■ Task brief:
Please give back each line below unchanged; none of the pictures should appear.

(Stored data entries)

((

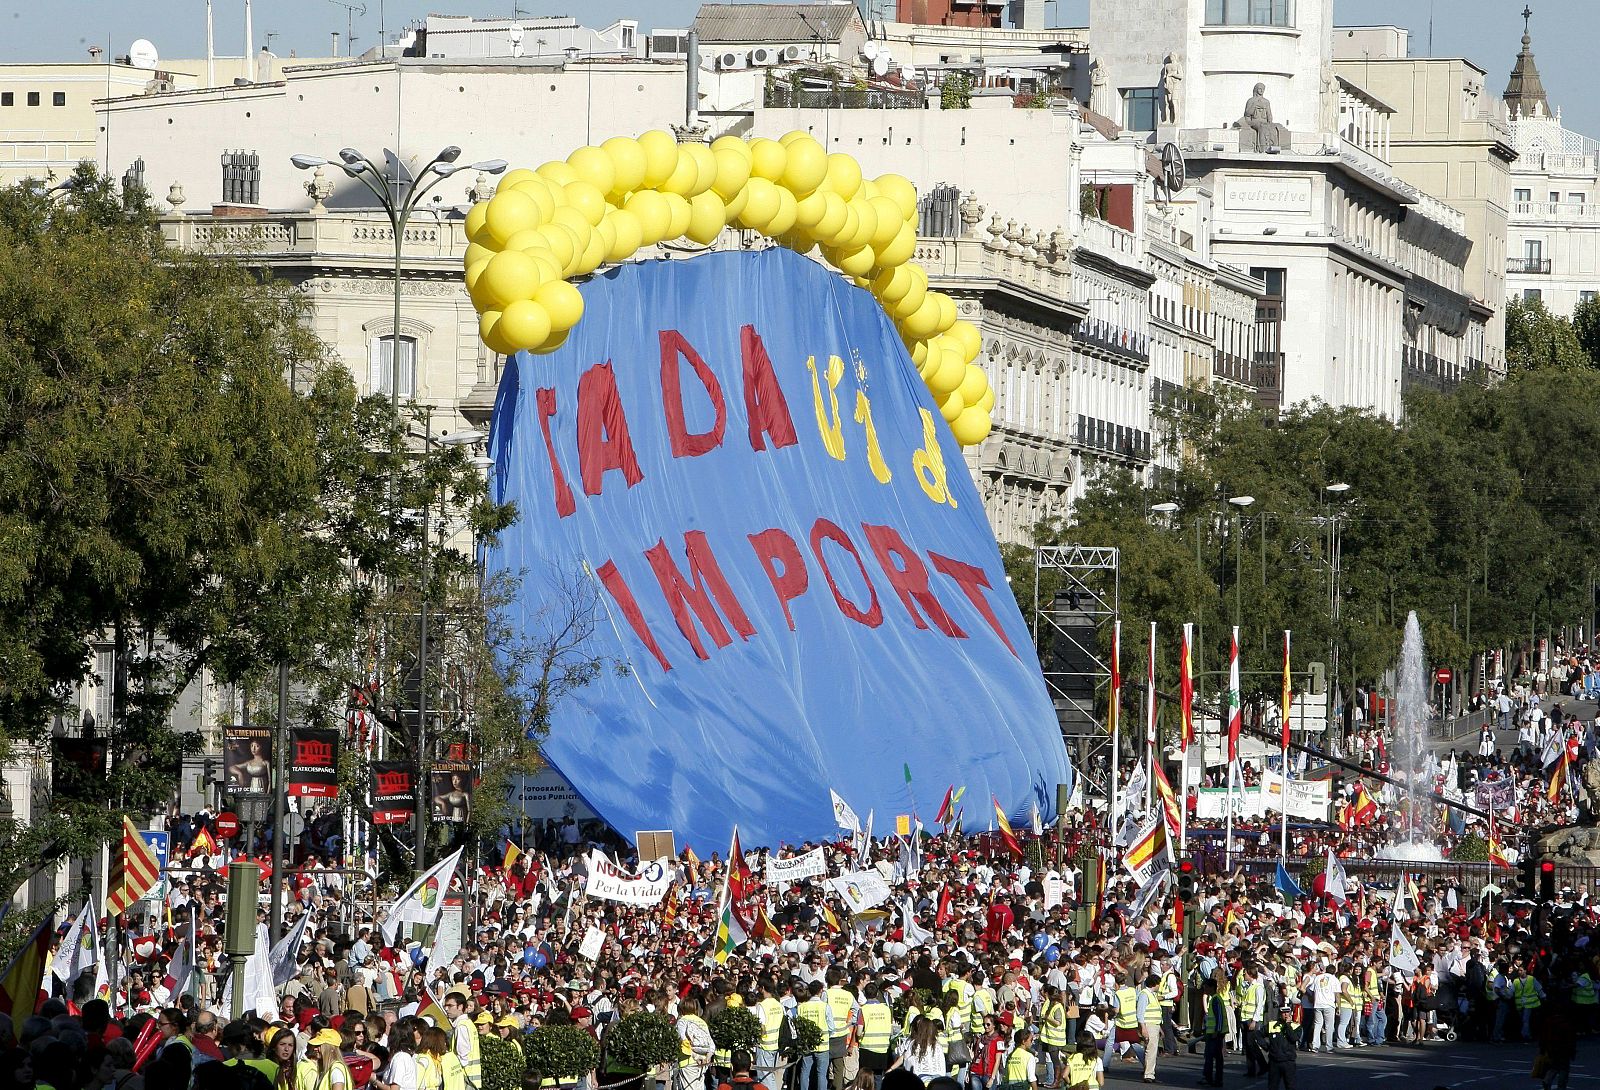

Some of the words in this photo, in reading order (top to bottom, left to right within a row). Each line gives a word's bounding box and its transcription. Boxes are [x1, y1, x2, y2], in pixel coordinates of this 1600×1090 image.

[1229, 189, 1306, 203] equitativa
[226, 729, 271, 737] CLEMENTINA
[431, 763, 470, 771] CLEMENTINA
[595, 880, 615, 893] Per
[617, 884, 628, 896] la
[632, 884, 662, 899] Vida
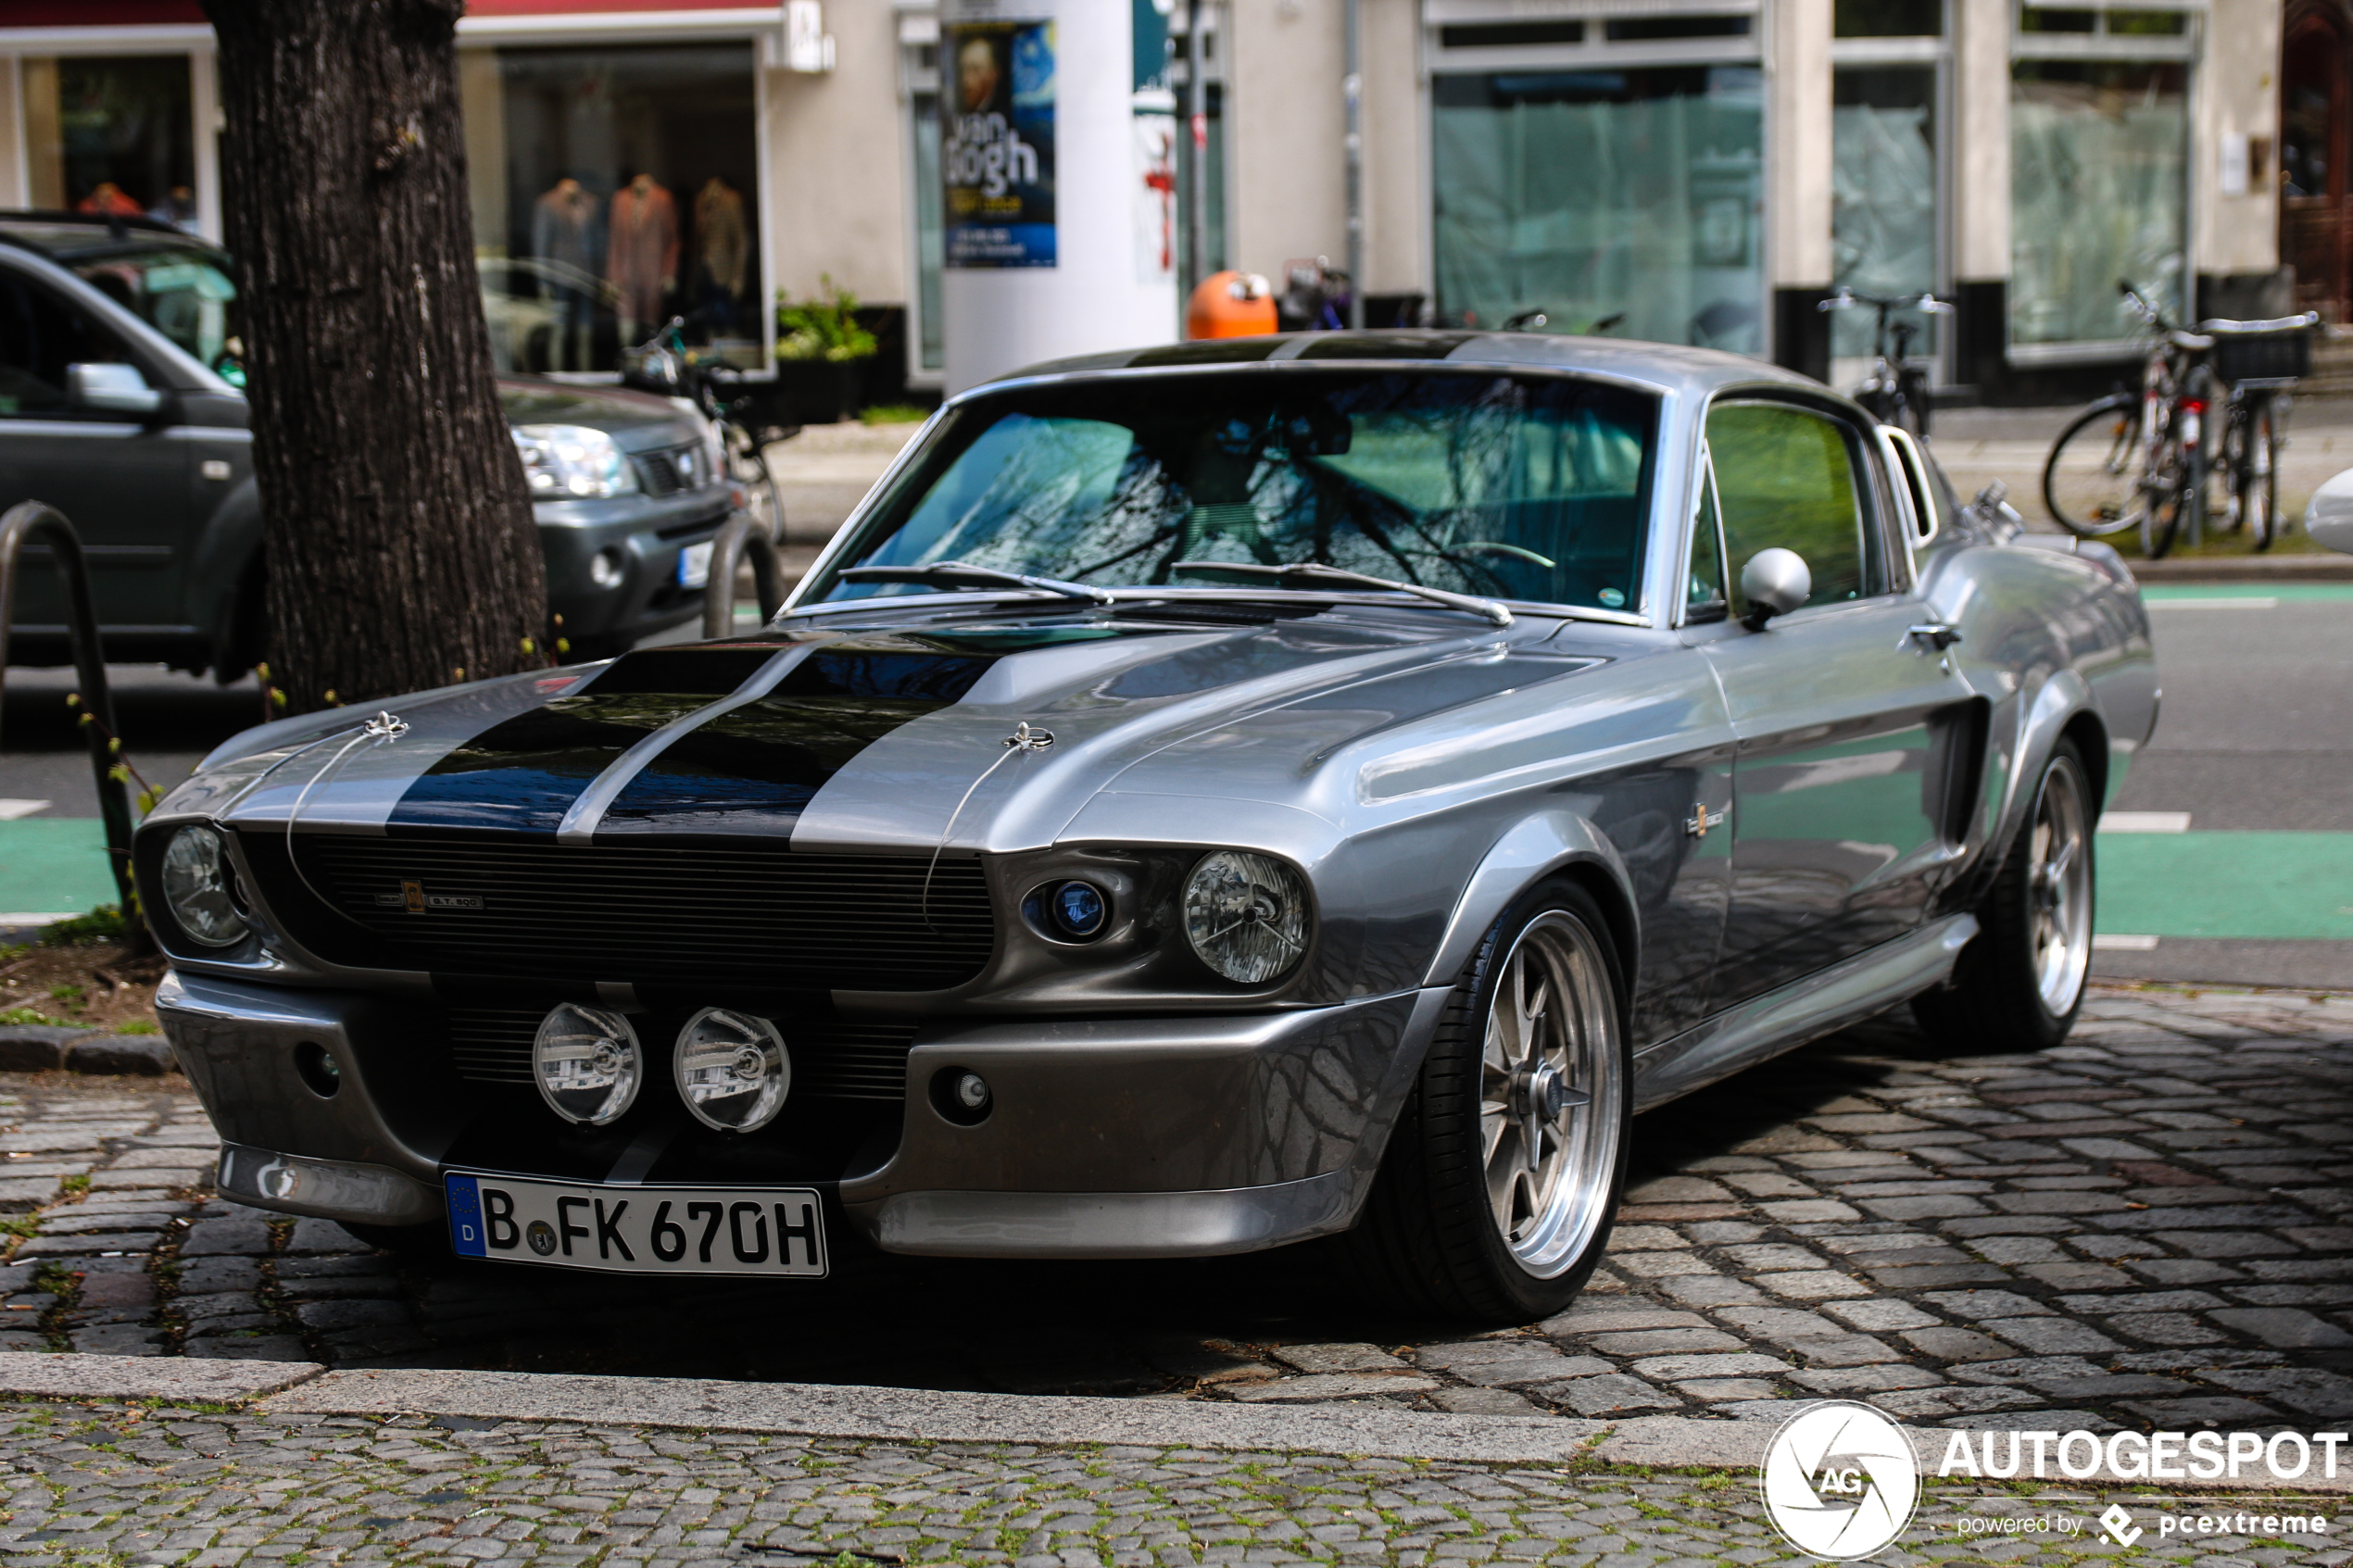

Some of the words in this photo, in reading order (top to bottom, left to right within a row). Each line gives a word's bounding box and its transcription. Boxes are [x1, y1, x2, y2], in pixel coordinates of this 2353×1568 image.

))

■ Answer box:
Some of the words in this photo, in reading order (top to bottom, left to right within a row). Each line gives a word's bounding box and its transcription. Boxes are [x1, y1, x2, y2], in pixel coordinates of this 1600×1090 image.

[1229, 189, 1306, 203] equitativa
[226, 729, 271, 737] CLEMENTINA
[431, 763, 470, 771] CLEMENTINA
[595, 880, 615, 893] Per
[617, 884, 628, 896] la
[632, 884, 662, 899] Vida

Some of the words in this photo, in reading order (top to bottom, left to right within a row). Each line gives a word's bounding box and its transcription. Boxes are [x1, y1, x2, y2], in pixel coordinates of this 2353×1568 image.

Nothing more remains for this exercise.